Wearable Active Vibration Sensing for Mid-Activity Knee Health Assessment
Non-invasive vibration measurements from the knee offer a convenient and affordable alternative to benchtop or biomechanics lab joint health monitoring systems. Recently, joint acoustic emissions (JAEs) measured from the knee were shown to be an indicator of knee health. However, the origin of JAEs is still not fully understood, which limits its acceptance and use by clinical experts. In this proof-of-concept study, rather than relying on the movements of the knee and corresponding frictional rubbing of internal surfaces to produce vibrations, we propose using an active vibration sensing approach with a known vibration source interrogating the knee. We aim to elucidate the linkage between knee vibration characteristics and structural changes in the joint following injuries.
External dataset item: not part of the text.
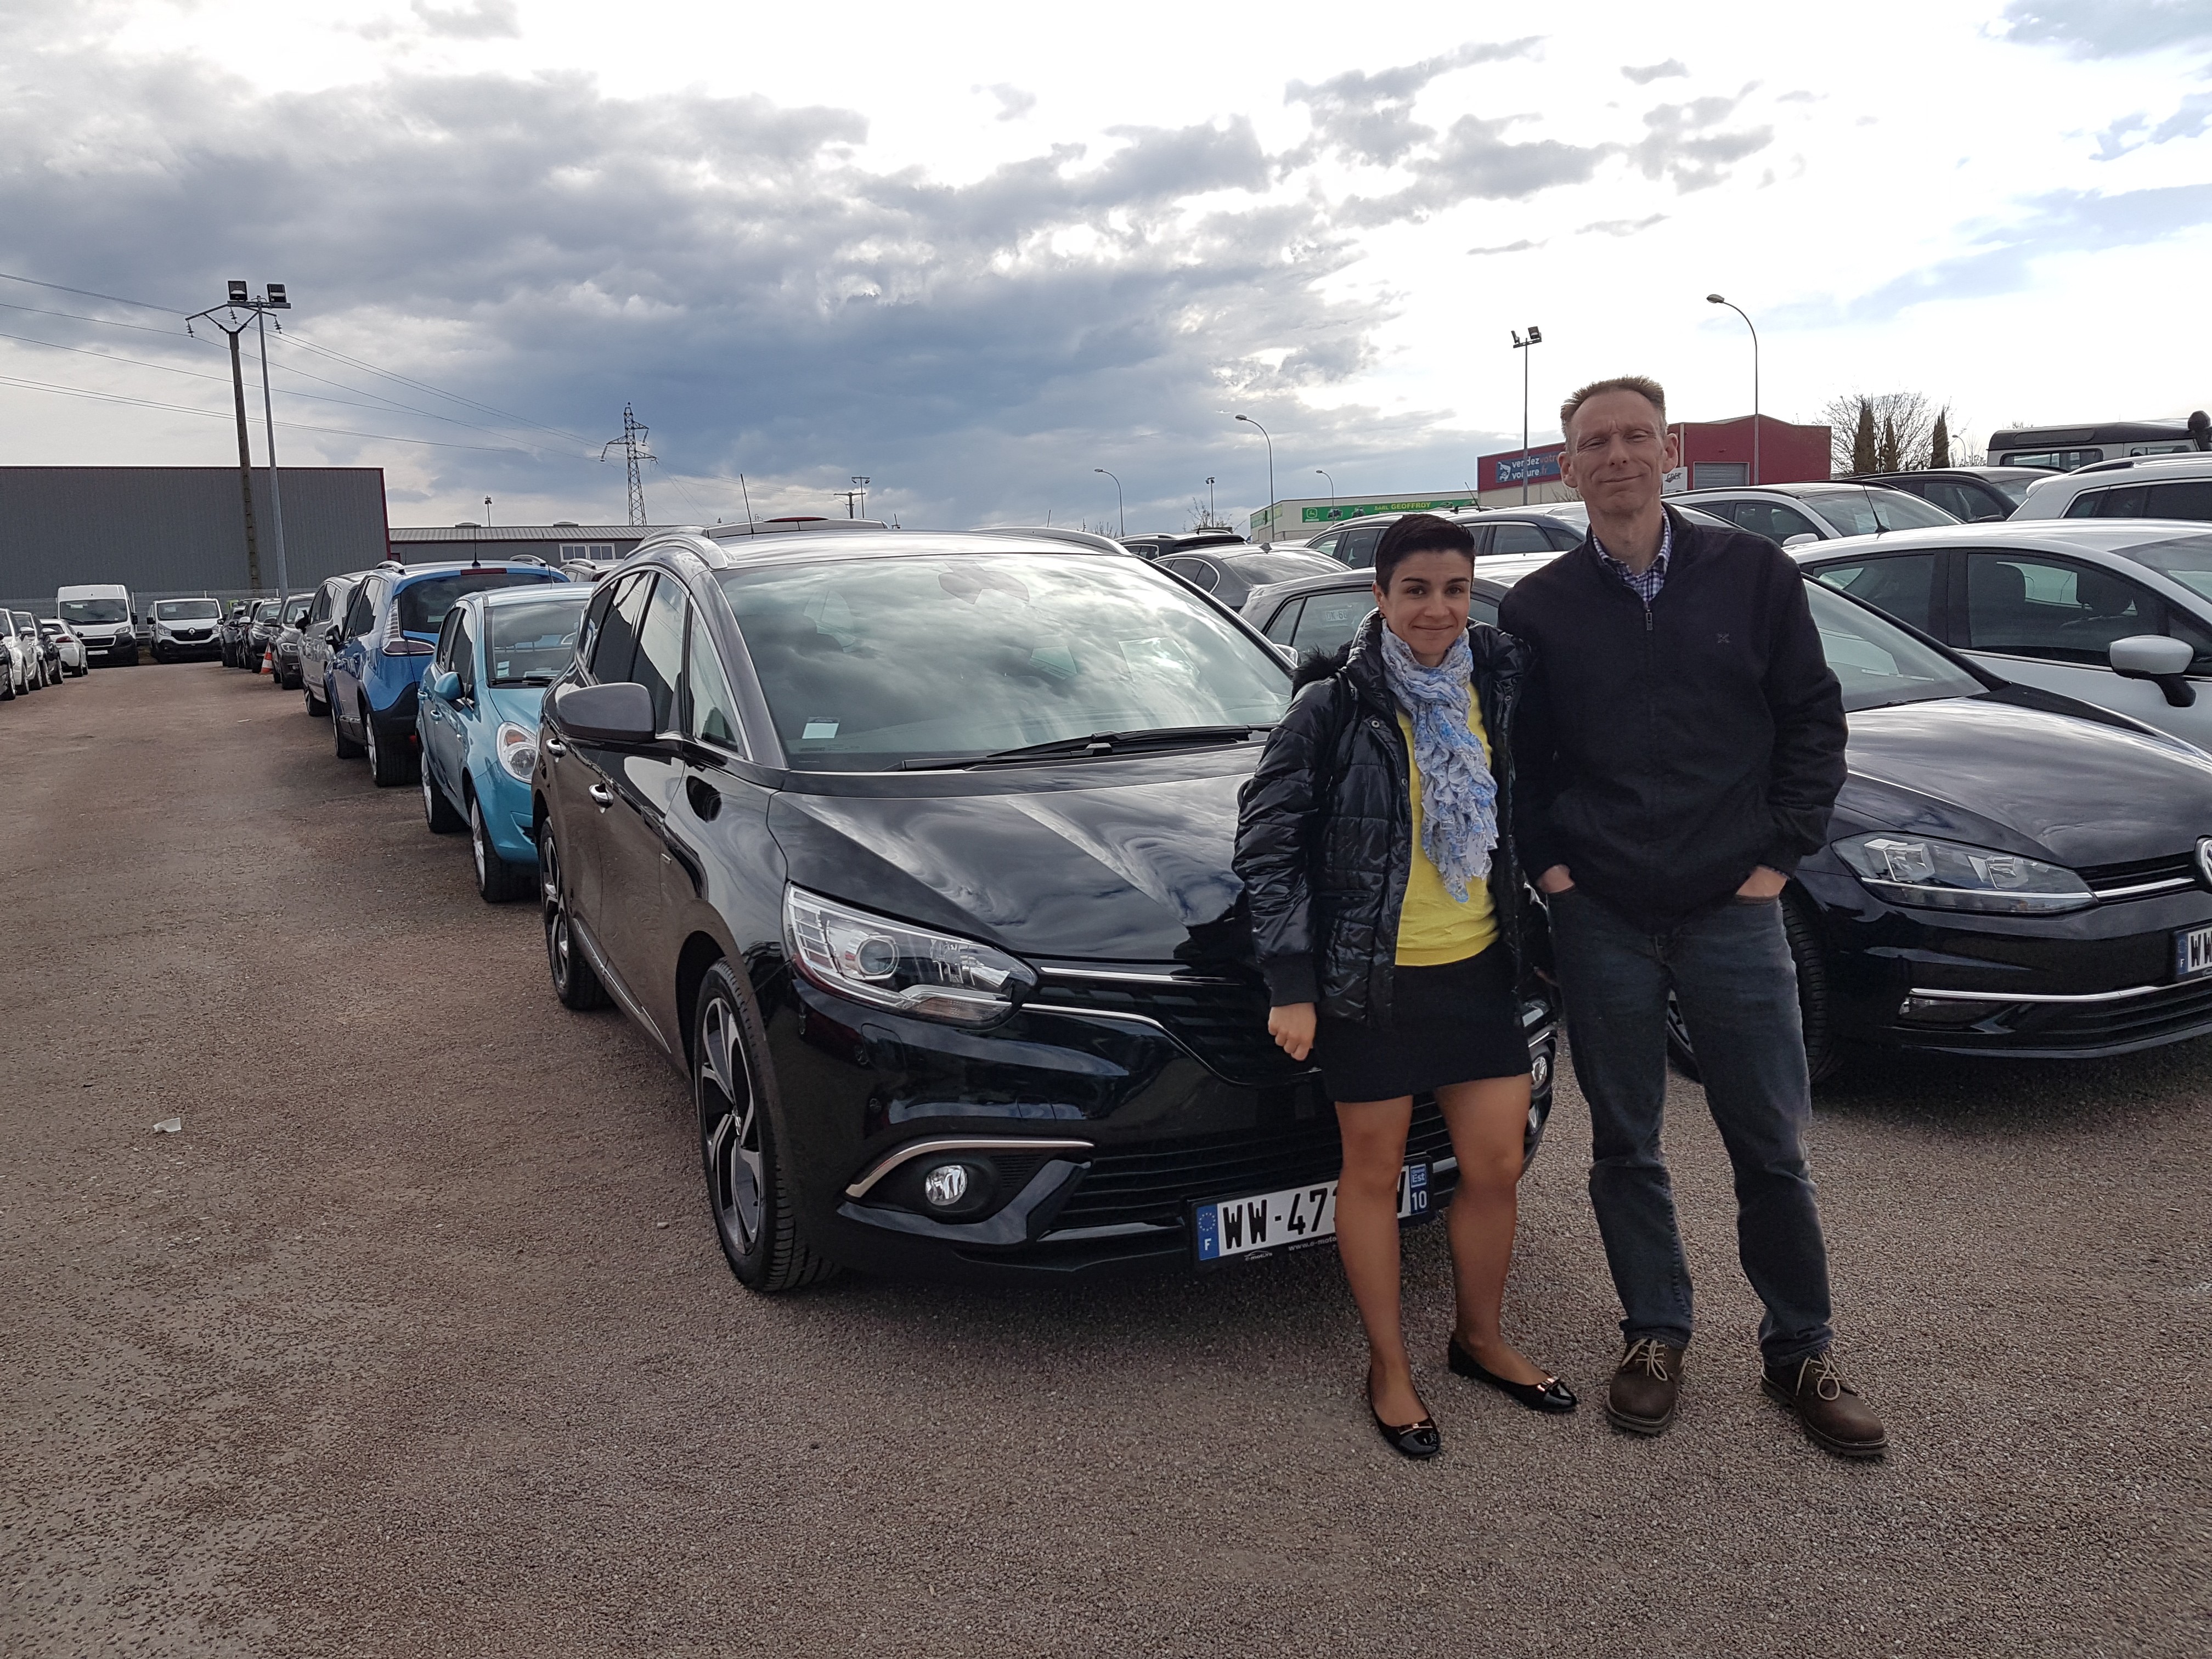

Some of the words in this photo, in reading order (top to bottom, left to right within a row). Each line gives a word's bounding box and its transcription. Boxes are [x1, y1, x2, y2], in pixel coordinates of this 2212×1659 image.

We measured tibial vibration responses of two participants using a laser vibrometer system to quantify the frequency band where the most repeatable tibial vibration measurement can be taken. Subsequently, a custom-designed wearable system measured mid-activity tibial vibration characteristics from four participants (five healthy knees and three knees with prior acute injury) during unloaded knee flexion-extensions. An active sensing knee health score was defined as the ratio of the changes in low- to high-frequency response during flexion-extension. Since changes in the boundary of tibia would alter low-frequency response more than high frequency response, we found that increased knee laxity with acute injuries resulted in an increased active sensing knee health score. Our findings demonstrate the potential of active vibration sensing as an interpretable, computationally inexpensive alternative to JAEs for wearable knee health assessment.